Contra casi todo. Por José Antonio Martínez-Abarca.
Durante muchos años he vivido esperando la llamada que finalmente se produjo el sábado 17 de diciembre, sobre las cuatro de la tarde. Todos estos años preguntándome en qué instante inoportuno ocurriría. Todas esas madrugadas con el teléfono enchufado al lado de la almohada, preparado; temiendo que se iluminase la pantalla con un nombre determinado registrado en la agenda. Ese nombre registrado en la agenda sólo me podría llamar para un único propósito.
Cada vez que sonaba la vibración del teléfono, cada vez en todo este largo tiempo, y en los segundos que tardaba en ver quién era, pensaba que se trataba de esa precisa llamada que no quería recibir. Años, lustros así, cada día pensando que sería el último, constantemente. Sólamente una vez no lo pensé. Fue mientras escribía una columna, durante los instantes en que sentí la vibración y comprobé con incomprensible sorpresa que, en efecto, se trataba de ese nombre iluminado y por supuesto, que la voz que habló tenía ese tan largamente temido propósito. El destino anticipado nunca se produce como nosotros pensamos que se producirá. De alguna manera se las arregla para cogernos desprevenidos, en el único momento en que lo estamos.
El destino anticipado nunca se produce como nosotros pensamos que se producirá. De alguna manera se las arregla para cogernos desprevenidos
Por eso no expresé ninguna emoción cuando se me dijo que la que fue mi madre, aunque no la biológica, estaba agonizando sin remedio. Mi madre no biológica, de quien había aprendido todo porque nunca dediqué mi demasiado larga juventud a lo que la dedican los jóvenes, que se empeñan en los vacíos ritos de socialización en lugar de escuchar a los mayores. La habían llevado al hospital. «¿Pero por qué nos traen ustedes a esta señora? Se está muriendo» «Porque esto es un hospital». Estaba con los dos pies en el otro lado, y sin embargo aún escuchaba, estoy seguro, todo en este.
Durante doce horas, hasta que empezó a clarear, se congregó allí la gente para contar todas las divertidas anécdotas de ella. Un «alboroque» con un invitado especial: la muerta aún viva. Supongo que serían las doce horas más dichosas de su vida, cuando ya su vida esta mirándonos desde fuera, desde el techo de la habitación del hospital, contemplándose a sí misma. Supongo que se rió también con ganas cuando sólo tenía la boca paralizada y espantosamente abierta. No nos dejemos llevar por las apariencias. Siempre estuvo mucho más viva que yo y, de alguna forma que no acierto a definir, lo seguirá estando siempre.

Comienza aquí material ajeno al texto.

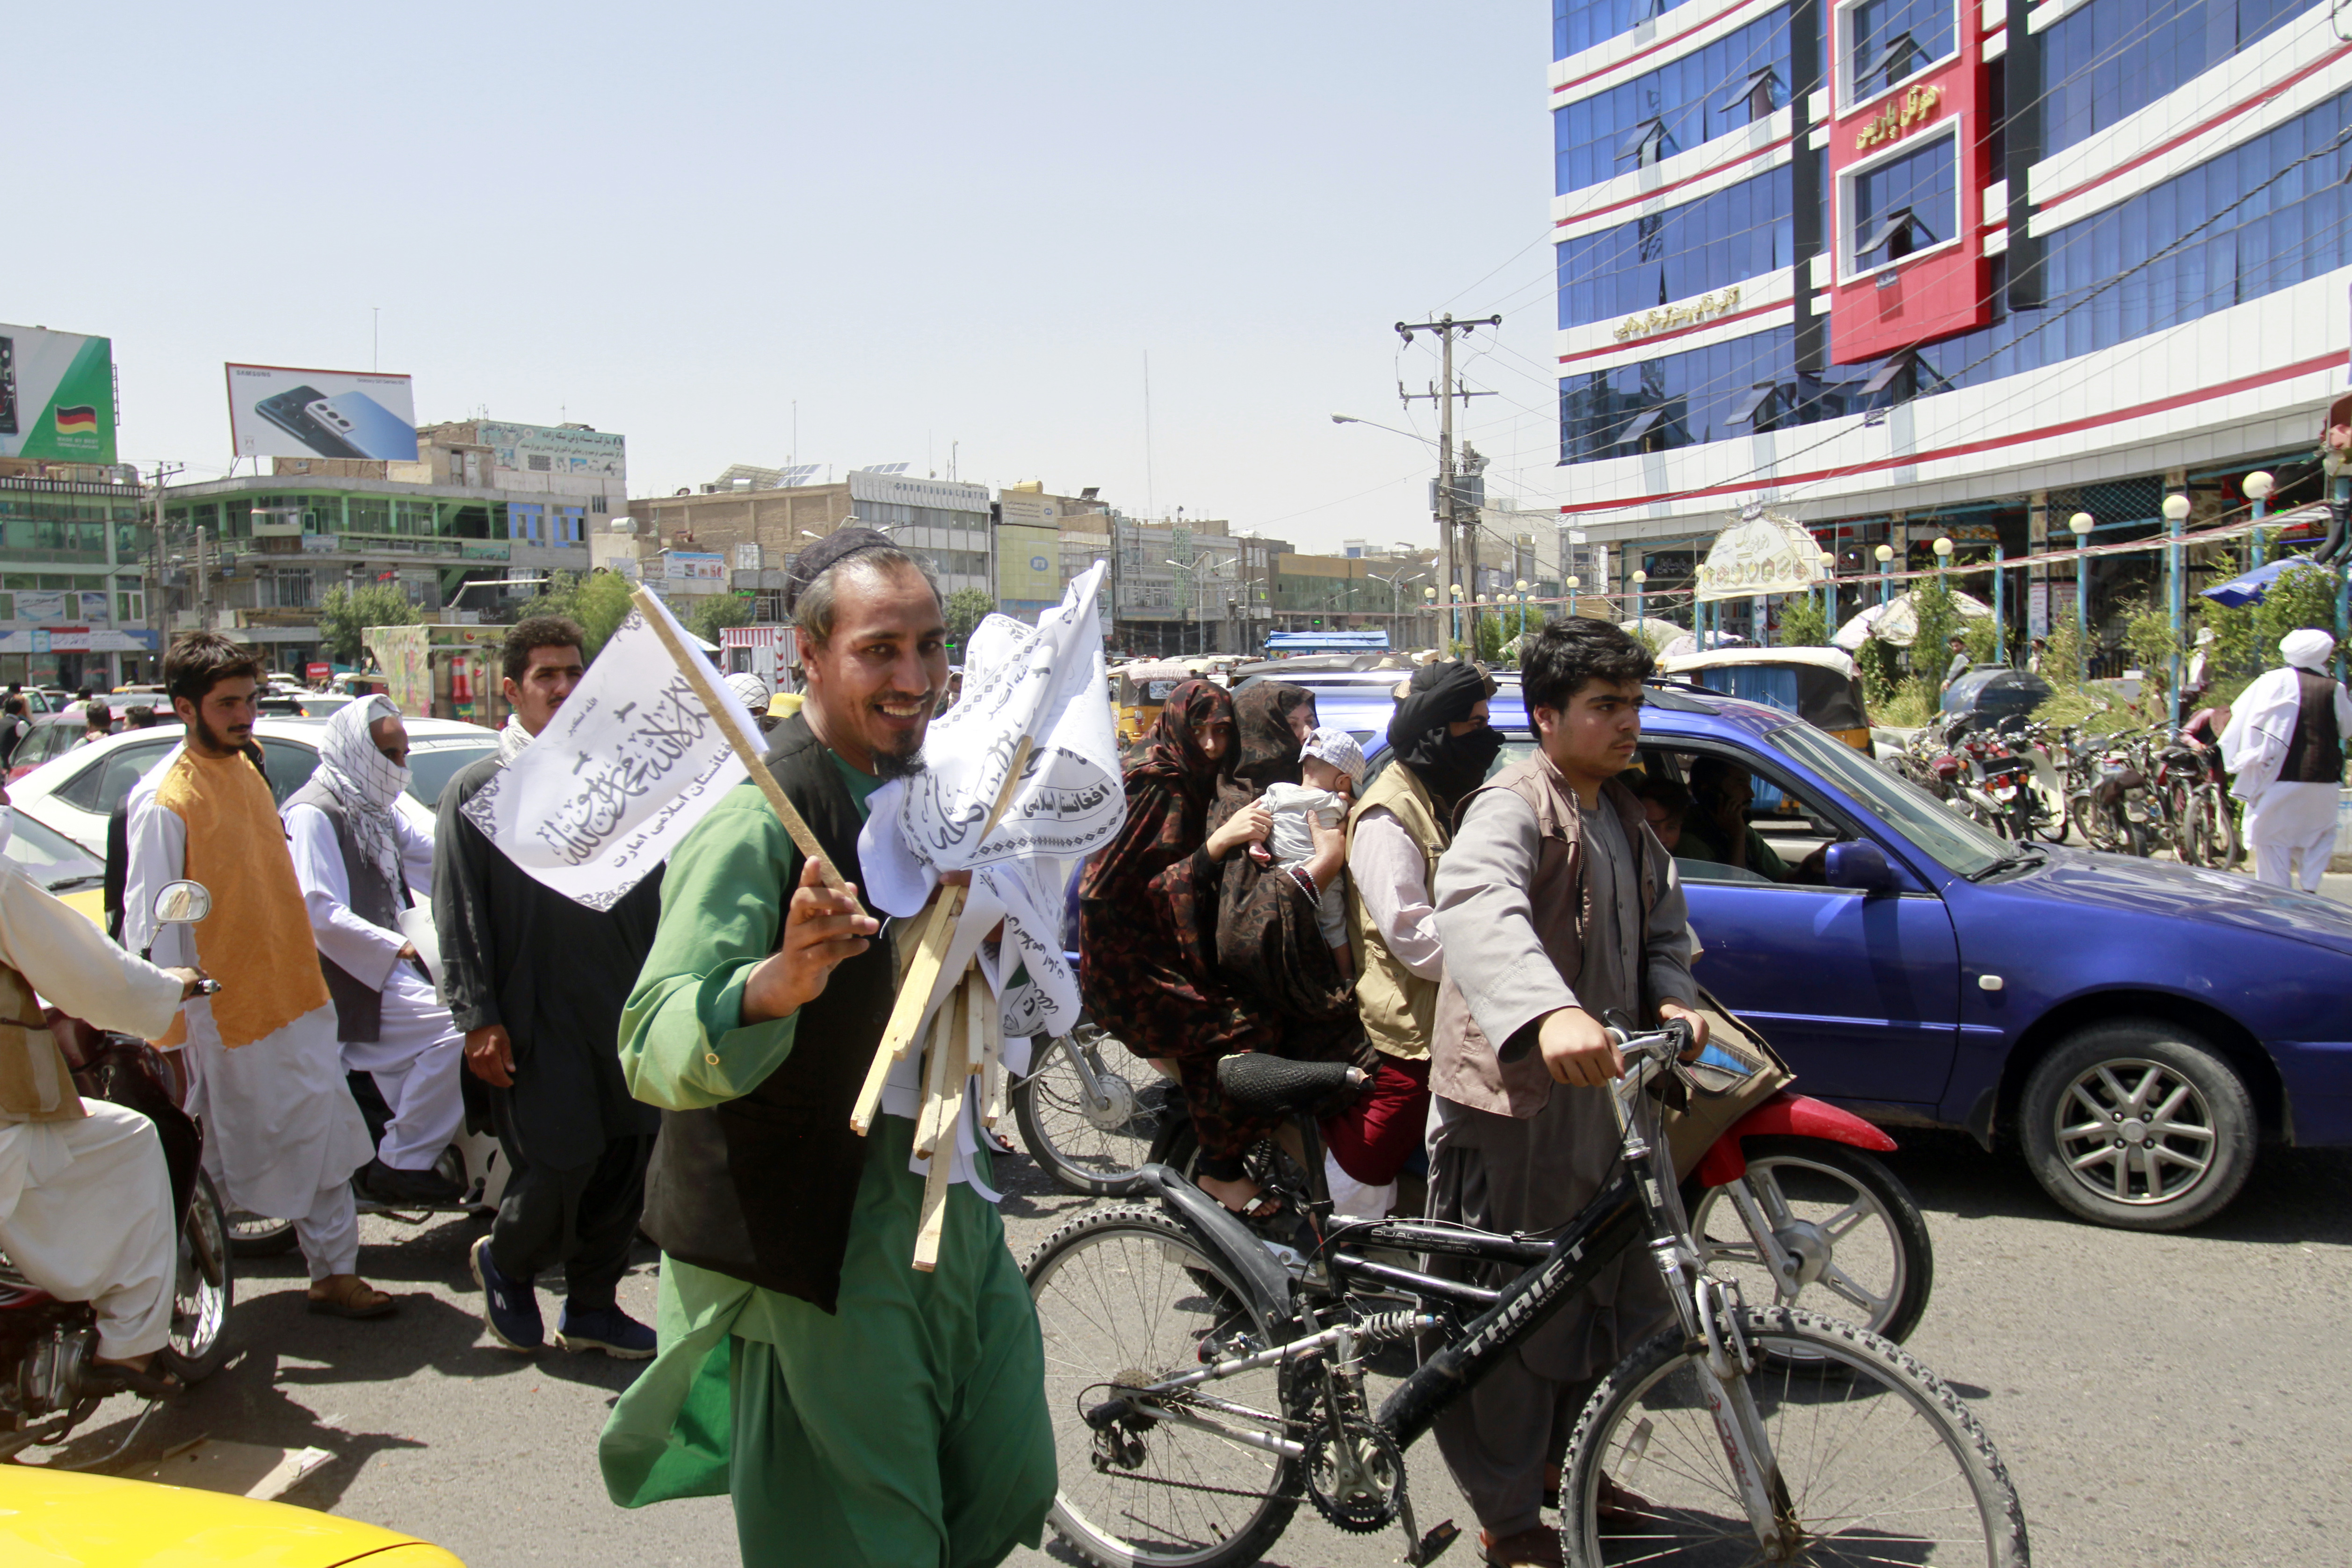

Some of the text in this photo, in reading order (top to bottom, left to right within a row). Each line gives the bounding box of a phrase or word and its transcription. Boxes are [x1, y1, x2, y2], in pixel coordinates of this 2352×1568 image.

Ya no estaba físicamente, pero no se había ido. No era aparentemente ella, su cuerpo no estaba allí pero en algún lado de aquella habitación estaba aún el alma y un corazón -por los padecimientos- del tamaño de una avellana. Nunca se quiso morir, ni por un momento. No le gustaban ni las puertas cerradas. «No cierres la puerta, que ya tendré tiempo de estar encerrada». No tenía evidentemente ninguna gana de marcharse. Y mucho menos, de marcharse muerta. Que avanzase la madrugada entre dichos y narraciones no era problema. Nunca fue de acostarse temprano, odiaba las mañanas. En este caso, también el mañana.

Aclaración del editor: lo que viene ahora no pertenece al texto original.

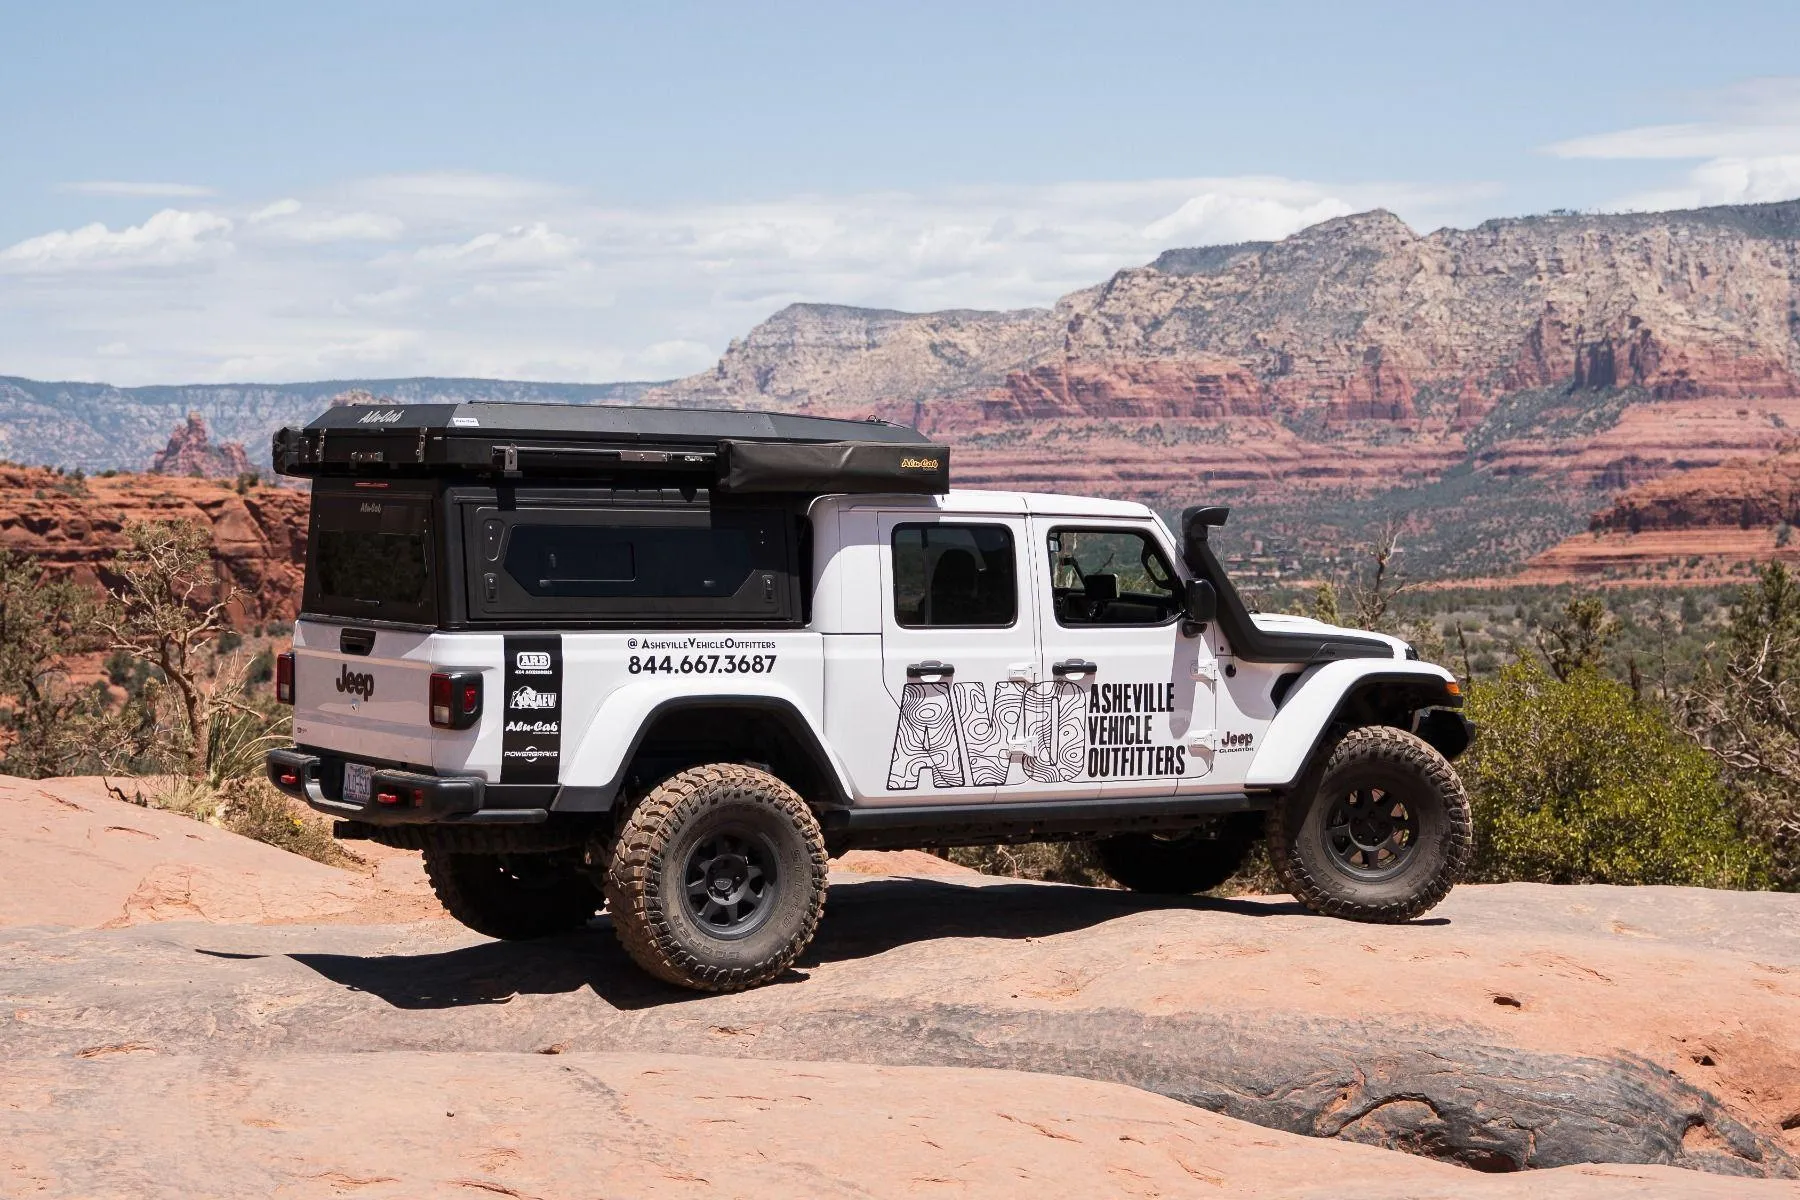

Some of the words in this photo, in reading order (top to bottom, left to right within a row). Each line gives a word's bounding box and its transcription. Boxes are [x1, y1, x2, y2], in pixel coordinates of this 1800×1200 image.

[627, 637, 638, 649] @
[520, 655, 548, 666] ARB
[628, 654, 777, 675] 844.667.3687
[336, 663, 375, 702] Jeep
[535, 693, 555, 707] AEV
[1088, 682, 1175, 713] ASHEVILLE
[505, 721, 558, 732] Alu-Cab
[1088, 715, 1152, 746] VEHICLE
[1221, 731, 1254, 747] Jeep
[1087, 746, 1186, 778] OUTFITTERS

Se lo estaba pasando demasiado bien. Rodeada de los suyos, singularmente por el que firma, que siempre fui su favorito, seguramente porque vine al mundo como me podía haber quedado en el otro. Ella, la protagonista del homenaje, brindó con cerveza sin beber y comió «cordiales» hechos por ella misma sin comerlos, junto a aquellos en los que permanecerá encendida su tenue corona de fuego (tenue como la pantalla del móvil funesto). La azulada y humilde corona de fuego de Pascuala, de esa «ama Pascuala» a la que tanto he nombrado en mis textos, en los que he hecho, en los que aún no he hecho y en los que no haré jamás.
Cuando acabaron las risas y las voces, aunque sin ganas todavía de irse a dormir, ella, que ya había traspasado el umbral desde hacía muchas horas, se volvería de espaldas, por no ver que cerraban la puerta.